Isn't that moot, since this thread is about *in-memory* DBs?

I would assume the two formats being different, yet convertible  
to each other, with different optimization goals.

The _hypothetical_ in-memory-optimized format would also have  
no need for backward compatibility, since always transient in nature.  
Could even not be paged at all for example.

(6) By Stephan Beal (stephan) on 2020-07-01 12:20:42 in reply to 5 [link]

> Isn't that moot, since this thread is about in-memory DBs?

Even if it is moot (which i'm not saying it is), Richard provided four more perfectly valid justifications for *not* applying the requested change.

(9) By anonymous on 2020-07-01 16:42:19 in reply to 6 [link]

Thank you for all your answers. I did not at all intend to request a change.

From my beginners perspective sqlite is a very cool swiss knife, and I wondered whether I could use it as data structure in memory, without the need to copy the data elsewhere. 
When the SQL request yields the data, I want to keep a pointer to the record, for later access, without copying the data (it is in memory already!). So is there a way to do this with sqlite (without hacking)?
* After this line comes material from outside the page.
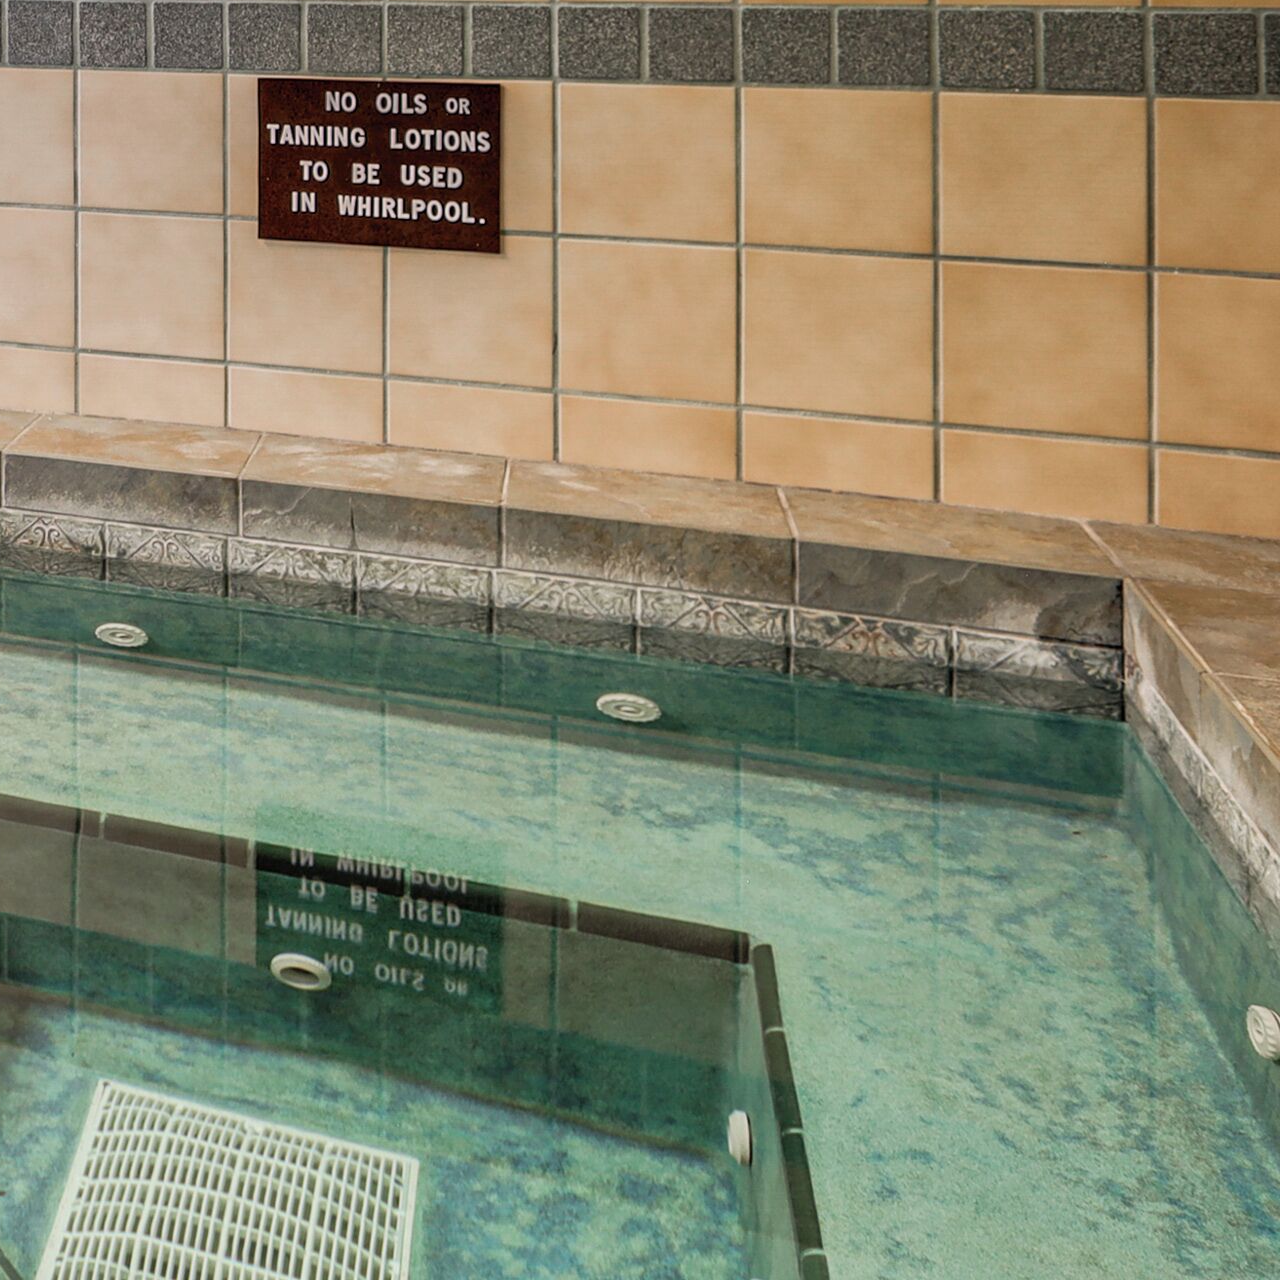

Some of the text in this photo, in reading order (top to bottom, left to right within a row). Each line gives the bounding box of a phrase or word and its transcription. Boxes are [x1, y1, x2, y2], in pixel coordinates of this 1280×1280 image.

[324, 90, 471, 116] NO OILS OR
[266, 123, 491, 153] TANNING LOTIONS
[299, 159, 463, 189] TO BE USED
[291, 190, 486, 225] IN WHIRLPOOL.
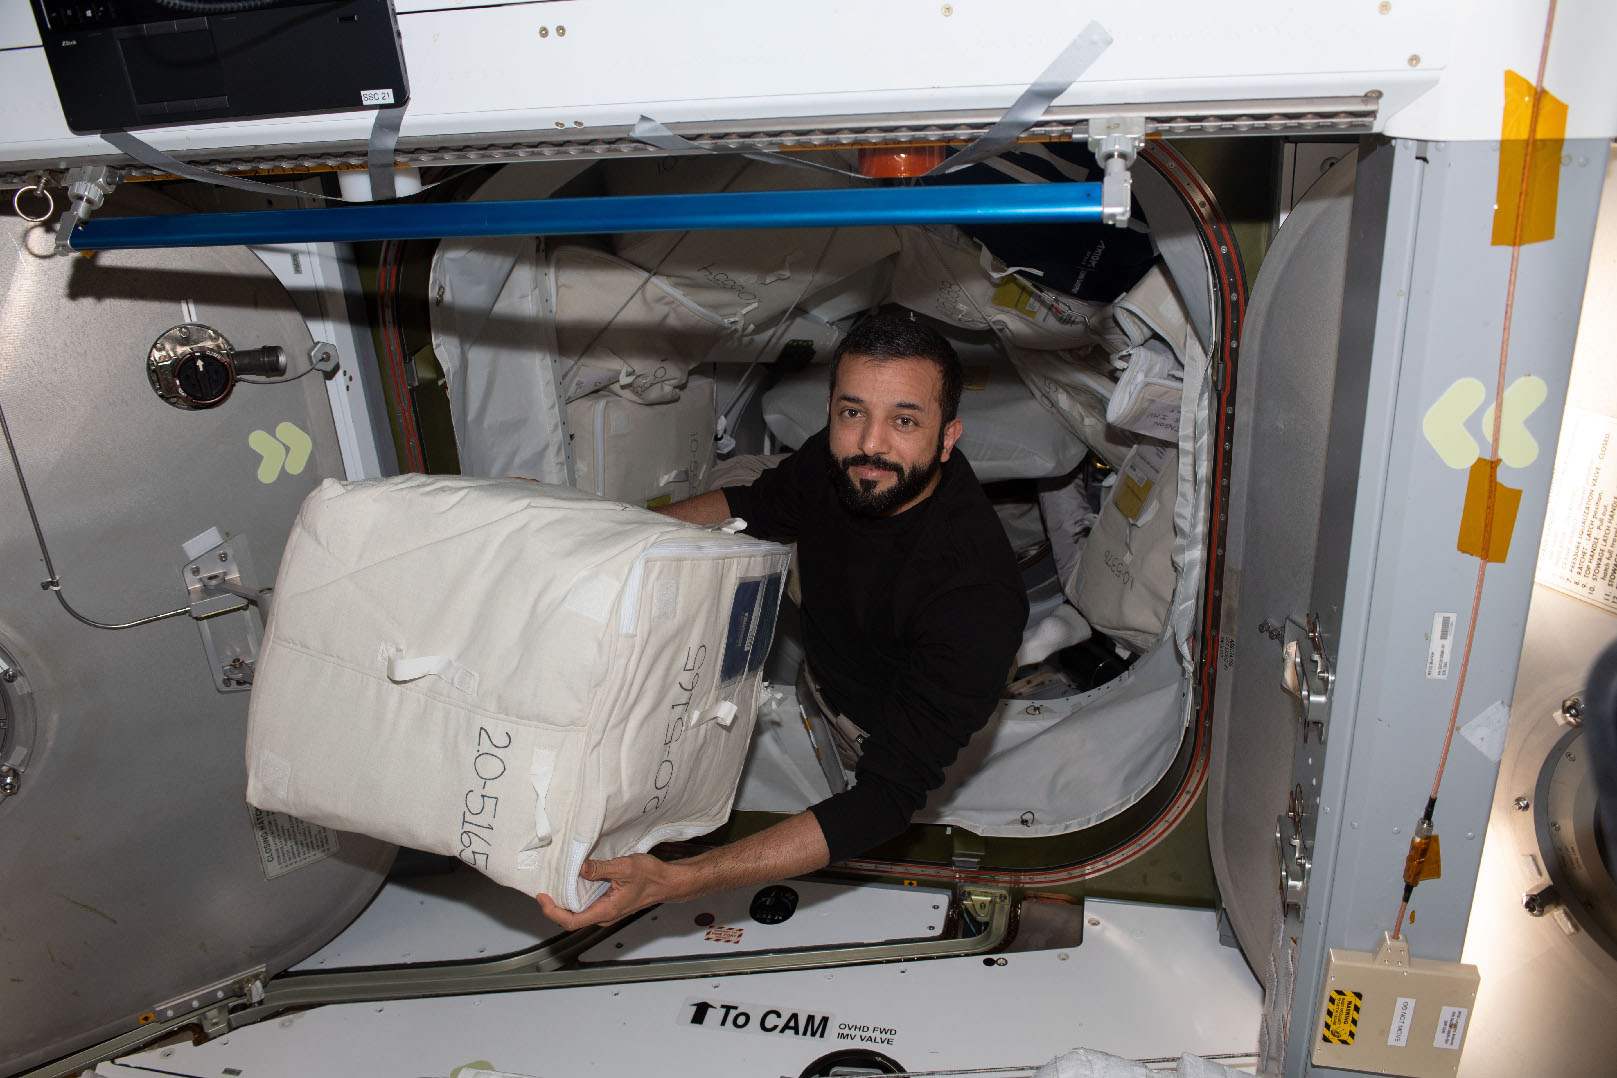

(10) By Richard Hipp (drh) on 2020-07-01 16:49:47 in reply to 9

> I want to keep a pointer to the record, for later access, without copying the data.... So is there a way to do this

No.  The content in the database file is encoded for compact storage.  The
values must be read and be decoded prior to being returned, as the values
would be largely useless to the application otherwise.

(12) By Gunter Hick (gunter_hick) on 2020-07-02 06:58:48 in reply to 9 [link]

The only way (I can think of at the moment) to have the rowid be the memory address of a row is with a virtual table implementation that keeps uncompressed rows directly in memory.

I have written such a virtual table for a proprietary application that supports tree, hash and array keys. That involved a large amount of coding. And memory addresses are only stable as long as records are never deleted.

A different virtual table implements access to Faircom CTree files where the memory address of a row is always the same for a given table, namely the record buffer associated with the cursor. This is of course only valid for the current record and gets overwritten as soon as the next record is requested.

I suspect the carray virtual table would return the memory address as the rowid, but that would appear to be a very roundabout way to access rows that you put into known memory locations yourself beforehand

(7) By Larry Brasfield (LarryBrasfield) on 2020-07-01 14:09:08 in reply to 5 [link]

No, it is not moot for that reason.

In order to use pointers for in-memory table row references and rowids with b-tree traversal for on-disk table row references, there would have to be significant duplication of functionality to provide row reference creation and use, in portions of code which, today, have no dependence upon the physical form of storage.

The in-memory and on-disk distinction is only made at the VFS level; the code which produces the file-format (even in memory) is insulated from how the block I/O is implemented.  That would cease to be true if this putative optimization were to be effected in the non-VFS portions of the code.

(8) By anonymous on 2020-07-01 15:08:53 in reply to 7 [link]

That's point #4. You can't use it to somehow make #5 not moot :)

Changes to how in-memory DBs are implemented are entirely an implementation  
detail of SQLite, and wouldn't in any way affect the on-disk and documented  
file format.

All the other points remain of course, and we all know this won't happen;  
Richard made that crystal clear. Your argument does seem very flawed to me!

(11) By Larry Brasfield (LarryBrasfield) on 2020-07-01 17:17:35 in reply to 8 [link]

> That's point #4. You can't use it to somehow make #5 not moot :)

Conceded.

> Your argument does seem very flawed to me!

The argument itself was not flawed, but certainly misdirected.